Data science means shopping and plucking, not just cooking.

11 comments:
Many people think that data science works like this:


But that’s not the whole picture---not even close.

Unless your data pipeline is quite mature, your data is probably more like this.



Unstructured, uncleaned. Still very messy.

Your whole data set is probably more like this:




It contains some of the key ingredients, but not all of them.

I can’t make cookies out of mustard. And I can’t make them out of just chocolate chips and vanilla, either.



Most of the time, building great data products requires shopping and plucking, not just cooking. You can’t cook a great meal until your fridge is stocked with the right ingredients.

Bottom line: your "secret sauce" isn’t an algorithm. It a combination of data cleaning, processing, and curation—plus a judicious choice of the right algorithms.

(Even if you have the right ingredients, you can’t boil your way to good cookies.)




That means you want to work with data scientists who understand the whole process of shopping, plucking, and cooking good data products. If you hire analysts or machine learning specialists who don't know how to pluck and shop, you're going to either (1) get stuck baking mustard cookies, or (2) put a heavy burden on your engineering team to grab and process new data. (1) is yucky. (2) is very slow.

It also means that you don't want to constrain your data scientists to only use the ingredients you already have in your kitchen. You should expect a good data scientist to improve your options by looking for more ways to bring in more data. ("Hm. No eggs. Before we go any further, we're going to need some eggs." "These cookies are okay, but they'd be much better with a dash of cinnamon.")

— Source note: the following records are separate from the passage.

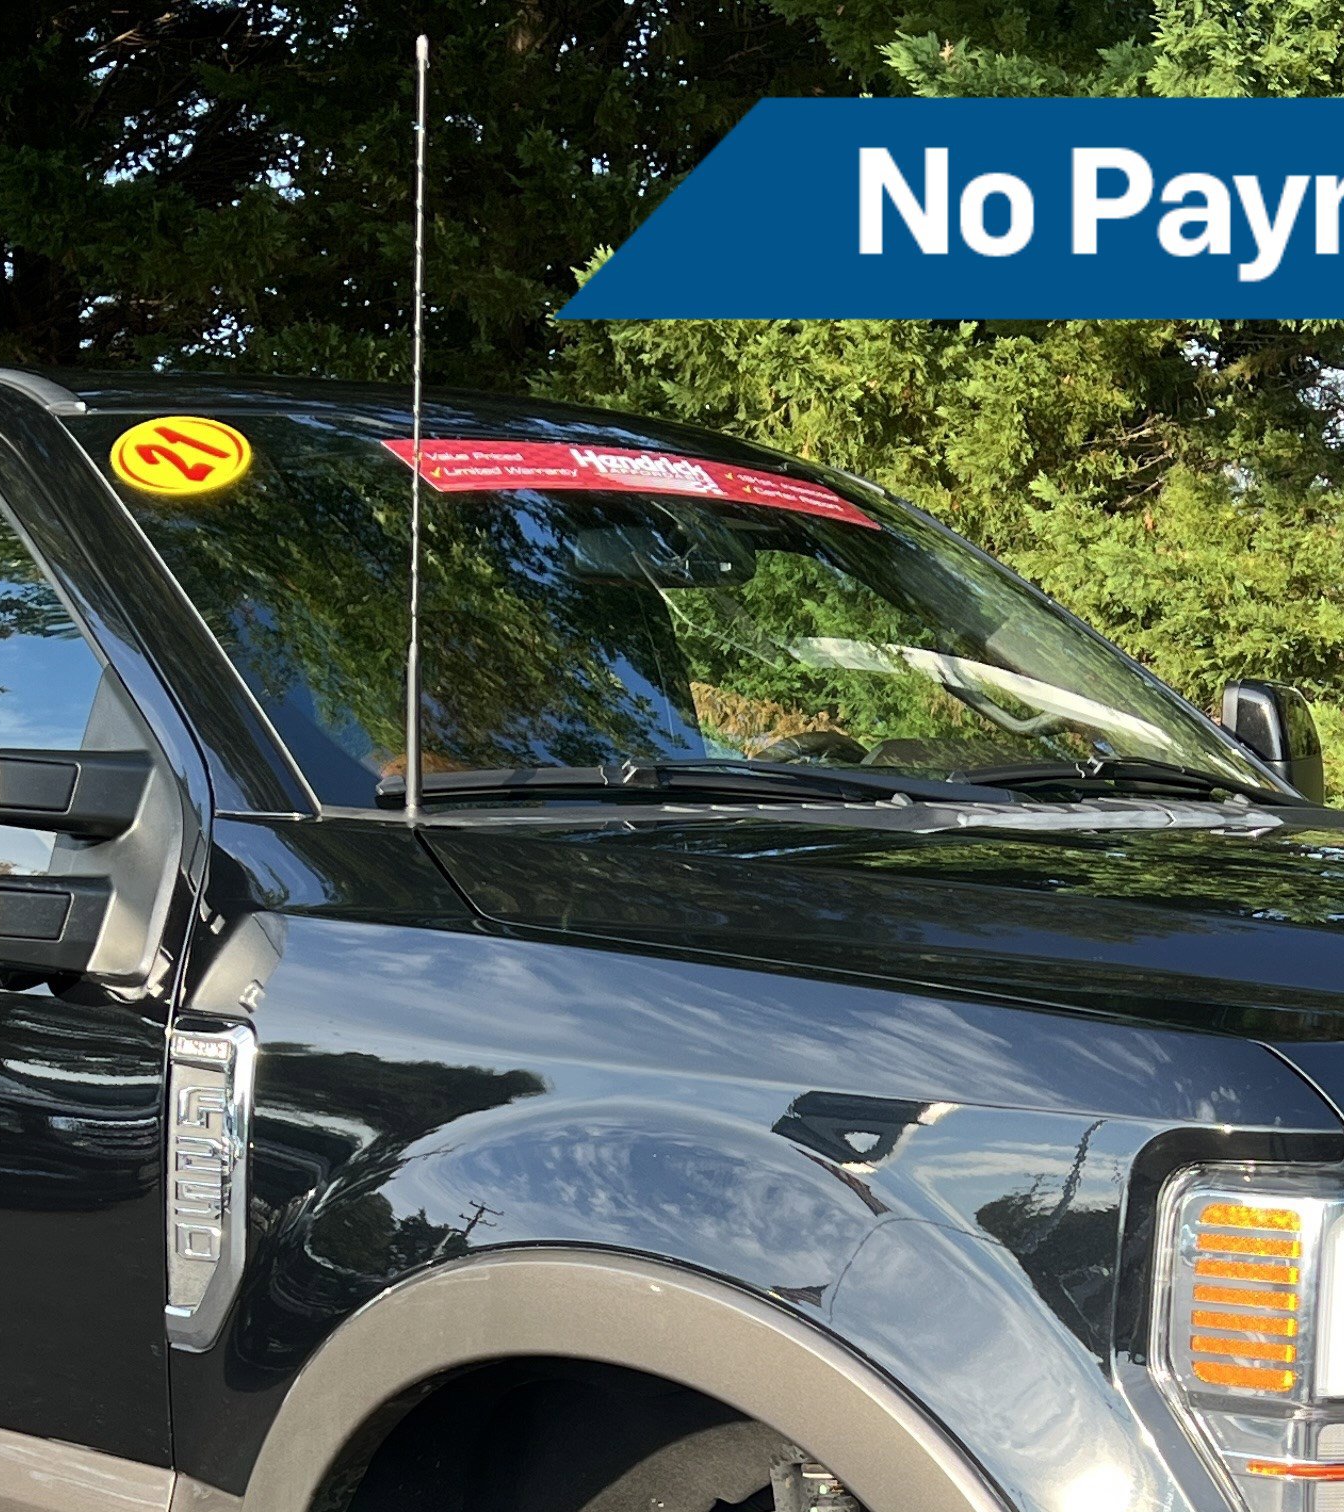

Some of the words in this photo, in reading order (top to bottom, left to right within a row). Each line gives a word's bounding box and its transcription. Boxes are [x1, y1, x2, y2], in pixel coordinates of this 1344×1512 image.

[135, 426, 231, 481] 21
[426, 451, 470, 462] Value
[444, 466, 503, 476] Limited
[505, 466, 578, 478] Warranty
[570, 448, 719, 489] Hendrick

Practically speaking, "more ways to bring in data" includes things like
  • additional instrumentation within your app/website
  • mashups with public data sources
  • feedback mechanisms within your app/website (e.g. additional profile fields)
  • hand-curated data sets to clean and normalize large data feeds
  • merging in additional sources of user feedback (e.g. customer support tickets)
  • user surveys or interviews
  • etc.

In conclusion, three cheers for cookies!



PS: I’m not saying you should wait for all the perfect ingredients to begin. Great data science usually involves smart sequencing—rapidly learning which data streams add the most value, and developing the systems to gather and process them effectively. Make sugar cookies for now, and add the chocolate chips as soon as you can get them.

PPS: Peter Norvig says that “more data usually beats better algorithms." I’m not disagreeing. Instead, I’m pointing out that at any given point in the life cycle of a data product, your volume of data is more or less fixed. Great data science is about working within that constraint, creating useful data products with the tools and ingredients that are close to hand, and bootstrapping yourself up to the next level.



PPPS: There’s another layer to this conversation: developing the tools (and culture) to enable rapid exploration and deployment of data products. It’s a bit like making sure your kitchen is equipped with a food processor, not just a microwave. But I think this metaphor is already strained enough, so we’ll save that conversation for another day.